### Requirement
Starting at the line that contains "this 1536×2048 image.", output each line through the end of the data exactly, and nothing more.

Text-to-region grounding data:
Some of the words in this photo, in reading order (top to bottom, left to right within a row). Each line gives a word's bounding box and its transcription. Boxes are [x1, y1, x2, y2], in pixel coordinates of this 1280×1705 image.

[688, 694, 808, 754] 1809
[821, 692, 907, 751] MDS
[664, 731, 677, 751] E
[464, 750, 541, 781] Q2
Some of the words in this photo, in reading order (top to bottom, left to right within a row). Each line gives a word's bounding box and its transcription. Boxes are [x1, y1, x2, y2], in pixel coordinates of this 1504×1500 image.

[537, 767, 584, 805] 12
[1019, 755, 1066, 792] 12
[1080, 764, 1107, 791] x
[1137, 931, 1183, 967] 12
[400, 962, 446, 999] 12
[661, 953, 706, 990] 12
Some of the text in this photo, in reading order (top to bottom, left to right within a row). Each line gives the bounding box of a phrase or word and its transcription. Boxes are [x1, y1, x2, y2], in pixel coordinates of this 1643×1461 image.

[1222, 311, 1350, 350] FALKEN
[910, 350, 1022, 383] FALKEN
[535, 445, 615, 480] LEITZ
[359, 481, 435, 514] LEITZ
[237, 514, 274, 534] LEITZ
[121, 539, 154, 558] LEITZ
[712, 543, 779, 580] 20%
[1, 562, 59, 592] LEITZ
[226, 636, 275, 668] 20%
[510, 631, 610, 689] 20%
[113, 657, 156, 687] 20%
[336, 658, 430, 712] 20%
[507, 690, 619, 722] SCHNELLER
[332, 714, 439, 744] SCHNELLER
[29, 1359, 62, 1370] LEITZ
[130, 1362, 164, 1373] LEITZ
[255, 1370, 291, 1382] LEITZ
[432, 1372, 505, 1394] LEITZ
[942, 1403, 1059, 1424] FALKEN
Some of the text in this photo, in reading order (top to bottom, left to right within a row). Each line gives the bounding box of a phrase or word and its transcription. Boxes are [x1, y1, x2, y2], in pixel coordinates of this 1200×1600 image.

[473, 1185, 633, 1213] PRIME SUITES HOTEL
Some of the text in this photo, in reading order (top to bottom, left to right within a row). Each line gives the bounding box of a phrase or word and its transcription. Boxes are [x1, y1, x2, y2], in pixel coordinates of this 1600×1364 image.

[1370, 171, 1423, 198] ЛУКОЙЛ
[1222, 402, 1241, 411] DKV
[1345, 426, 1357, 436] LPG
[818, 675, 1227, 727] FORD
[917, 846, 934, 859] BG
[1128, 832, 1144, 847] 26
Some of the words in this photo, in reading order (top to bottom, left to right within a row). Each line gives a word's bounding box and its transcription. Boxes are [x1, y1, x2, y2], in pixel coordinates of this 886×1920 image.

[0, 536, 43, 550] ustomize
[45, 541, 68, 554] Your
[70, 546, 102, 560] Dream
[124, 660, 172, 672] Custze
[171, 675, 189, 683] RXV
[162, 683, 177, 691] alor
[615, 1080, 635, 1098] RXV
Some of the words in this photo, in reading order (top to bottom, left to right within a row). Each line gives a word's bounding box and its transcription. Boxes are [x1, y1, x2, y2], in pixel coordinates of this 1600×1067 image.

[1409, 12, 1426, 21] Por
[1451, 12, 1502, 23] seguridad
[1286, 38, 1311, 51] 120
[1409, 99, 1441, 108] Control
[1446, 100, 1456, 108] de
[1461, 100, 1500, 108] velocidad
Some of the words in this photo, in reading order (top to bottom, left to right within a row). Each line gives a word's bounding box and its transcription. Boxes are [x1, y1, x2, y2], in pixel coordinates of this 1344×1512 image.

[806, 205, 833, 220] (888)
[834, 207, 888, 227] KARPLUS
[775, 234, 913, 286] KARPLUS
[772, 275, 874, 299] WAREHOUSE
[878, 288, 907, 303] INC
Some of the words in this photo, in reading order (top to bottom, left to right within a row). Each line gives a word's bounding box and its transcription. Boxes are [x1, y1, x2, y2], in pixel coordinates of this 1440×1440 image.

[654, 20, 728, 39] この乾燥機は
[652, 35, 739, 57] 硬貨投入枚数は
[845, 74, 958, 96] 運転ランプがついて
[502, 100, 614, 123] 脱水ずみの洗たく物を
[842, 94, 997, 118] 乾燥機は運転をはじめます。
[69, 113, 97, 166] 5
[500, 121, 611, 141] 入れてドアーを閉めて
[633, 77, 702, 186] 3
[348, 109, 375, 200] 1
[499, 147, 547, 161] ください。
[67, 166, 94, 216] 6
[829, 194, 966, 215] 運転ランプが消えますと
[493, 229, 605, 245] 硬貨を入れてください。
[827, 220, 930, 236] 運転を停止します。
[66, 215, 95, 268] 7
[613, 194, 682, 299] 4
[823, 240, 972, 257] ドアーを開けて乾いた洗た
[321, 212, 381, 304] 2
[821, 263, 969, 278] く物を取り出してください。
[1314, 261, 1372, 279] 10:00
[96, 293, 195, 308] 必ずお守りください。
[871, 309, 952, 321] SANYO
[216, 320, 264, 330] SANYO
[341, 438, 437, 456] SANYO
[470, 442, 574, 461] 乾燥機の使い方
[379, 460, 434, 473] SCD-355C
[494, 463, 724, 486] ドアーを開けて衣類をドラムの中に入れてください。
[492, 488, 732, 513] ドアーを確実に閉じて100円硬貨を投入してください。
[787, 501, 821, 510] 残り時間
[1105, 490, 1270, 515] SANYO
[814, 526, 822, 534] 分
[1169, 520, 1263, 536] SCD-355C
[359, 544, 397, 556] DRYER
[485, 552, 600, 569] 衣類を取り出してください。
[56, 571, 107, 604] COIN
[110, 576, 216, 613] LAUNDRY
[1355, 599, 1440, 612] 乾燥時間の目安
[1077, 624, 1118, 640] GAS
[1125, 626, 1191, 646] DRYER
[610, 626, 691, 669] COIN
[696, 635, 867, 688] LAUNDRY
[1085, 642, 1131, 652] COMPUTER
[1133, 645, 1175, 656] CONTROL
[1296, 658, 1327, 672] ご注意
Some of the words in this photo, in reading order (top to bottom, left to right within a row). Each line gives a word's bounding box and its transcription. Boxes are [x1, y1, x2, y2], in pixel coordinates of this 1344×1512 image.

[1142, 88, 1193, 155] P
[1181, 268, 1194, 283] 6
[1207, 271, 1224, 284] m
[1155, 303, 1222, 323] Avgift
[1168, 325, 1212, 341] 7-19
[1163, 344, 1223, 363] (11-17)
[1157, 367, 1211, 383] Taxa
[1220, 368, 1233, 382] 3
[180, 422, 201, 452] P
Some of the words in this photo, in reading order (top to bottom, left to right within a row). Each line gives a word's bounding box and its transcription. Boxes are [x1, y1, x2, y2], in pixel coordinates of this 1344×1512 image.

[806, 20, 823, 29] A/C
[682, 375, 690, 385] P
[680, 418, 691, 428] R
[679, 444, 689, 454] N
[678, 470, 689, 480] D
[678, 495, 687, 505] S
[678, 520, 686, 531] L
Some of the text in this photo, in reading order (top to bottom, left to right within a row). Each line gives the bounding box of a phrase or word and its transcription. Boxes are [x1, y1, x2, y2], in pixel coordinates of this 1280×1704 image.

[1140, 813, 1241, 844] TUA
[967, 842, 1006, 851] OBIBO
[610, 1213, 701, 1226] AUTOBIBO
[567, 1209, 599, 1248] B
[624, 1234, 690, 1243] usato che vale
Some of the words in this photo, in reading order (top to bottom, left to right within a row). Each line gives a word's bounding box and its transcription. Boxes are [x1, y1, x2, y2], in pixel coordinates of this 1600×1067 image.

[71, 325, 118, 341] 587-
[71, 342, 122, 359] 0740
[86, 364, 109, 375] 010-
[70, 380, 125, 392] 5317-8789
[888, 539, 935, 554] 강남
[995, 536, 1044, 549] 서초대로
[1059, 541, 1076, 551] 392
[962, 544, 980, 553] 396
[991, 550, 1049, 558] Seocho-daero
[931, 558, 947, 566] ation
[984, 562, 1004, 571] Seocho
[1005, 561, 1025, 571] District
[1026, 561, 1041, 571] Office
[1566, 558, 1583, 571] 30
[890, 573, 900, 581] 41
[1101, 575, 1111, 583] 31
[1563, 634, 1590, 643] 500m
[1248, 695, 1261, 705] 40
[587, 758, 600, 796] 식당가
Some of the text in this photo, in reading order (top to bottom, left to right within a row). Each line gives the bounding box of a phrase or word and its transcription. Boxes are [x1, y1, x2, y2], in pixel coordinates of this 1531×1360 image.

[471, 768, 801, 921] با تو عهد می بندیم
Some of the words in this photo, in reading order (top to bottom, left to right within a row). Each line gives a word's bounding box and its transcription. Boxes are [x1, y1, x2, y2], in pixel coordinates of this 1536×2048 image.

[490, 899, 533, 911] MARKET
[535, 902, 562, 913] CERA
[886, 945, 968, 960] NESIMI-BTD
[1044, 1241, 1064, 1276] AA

### Written reply
Some of the words in this photo, in reading order (top to bottom, left to right within a row). Each line gives a word's bounding box and its transcription. Boxes are [x1, y1, x2, y2], in pixel coordinates of this 1536×2048 image.

[490, 899, 533, 911] MARKET
[535, 902, 562, 913] CERA
[886, 945, 968, 960] NESIMI-BTD
[1044, 1241, 1064, 1276] AA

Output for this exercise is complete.